Along with his career in banking, in his 45 years of living in Lawrence, Dreiling has given back to the community in a variety of ways: he’s coached Little League baseball, served on the board of trustees for the Lawrence Memorial Hospital Endowment Association, helped found the Kansas University Baseball Diamond Club and was a member of the Trustees of St. Margaret’s Episcopal Church.

• Brenda McFadden was born in Charleston, West Virginia, but moved around a lot as a kid before her family settled in the St. Louis area. She came to Lawrence in 1982 to attend KU, earning a bachelor’s in business administration.

McFadden had a couple of sales jobs, including one where she cold-called people to try to sell penny stocks, but she began to take classes in accounting after her first daughter, Grace, was born in 1988. She earned a degree in accounting and was hired in January 1991 by Ernst & Young in Kansas City to work in their tax department.

When Grace entered kindergarten in 1993, McFadden took a job in Lawrence to be closer to home. In 1995, she bought half of the firm she was with, which then became known as Hickman and McFadden; she purchased the whole company in 1998, and its name changed to The McFadden Group.

McFadden also served on the boards of multiple community organizations, including The Children’s Shelter, the American Red Cross of Douglas County and Junior Achievement.

Rick Renfro grew up in Prairie Village and graduated from Shawnee Mission West High School in 1974. After briefly attending Ottawa University, he transferred to KU in 1976 and found his passion in life: rugby. But Renfro also found that rugby wouldn’t pay the bills, so he bought Johnny’s Tavern from Johnny Wilson in 1978 and learned the ins and outs of the hospitality industry on the job.

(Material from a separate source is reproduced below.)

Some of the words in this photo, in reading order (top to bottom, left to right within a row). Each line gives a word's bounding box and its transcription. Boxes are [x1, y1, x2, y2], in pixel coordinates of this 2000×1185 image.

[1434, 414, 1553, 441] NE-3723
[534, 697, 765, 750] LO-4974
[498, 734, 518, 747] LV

Eventually, the industry became his lifelong career. Along with opening the “Up & Under” club in 1982 above Johnny’s in North Lawrence, another Johnny’s was opened in Overland Park in 1991. Now, there are 13 separate Johnny’s locations along with the more upscale J. Wilson’s restaurant. In total, these restaurants now employ more than 600 people.

Along with his work with Johnny’s, Renfro has served in many community organizations including Tenants to Homeowners, the Ballard Center, the North Lawrence Improvement Association and Just Food.

Jeff Sigler, while attending Emporia State University, went to work at Hill’s Apothecary, where he learned a lot about what it would take to run his own small business one day and keep customers happy. He and his wife, Suzi, moved to Lawrence in 1981 so he could attend pharmacy school at KU, and he worked at King Pharmacy while in school and Raney’s Drug Store after graduating in 1984.

He also started a publishing company with a classmate, Brent Flanders, to write and sell study guides for pharmacy students. Currently, the company is on the 38th edition of Sigler’s Drug Cards, which are sold nationwide.

Sigler and Flanders also opened a Macintosh computer store called MacSource in Overland Park in 1987, and eventually the store had two other locations in Manhattan and Lawrence before Sigler sold the company in 1994 and returned to the pharmacy profession full-time, managing the pharmacy at the Clinton Parkway Hy-Vee location.

In 2005, Sigler opened up his own pharmacy in the Internal Medicine Group practice on West Sixth Street. He now owns and operates three pharmacies: two in Lawrence and one in Lenexa.

Sigler has served on various boards, including for the American Cancer Society, Theatre Lawrence, the Douglas County AIDS Project and the Kansas Pharmacy Services Corporation.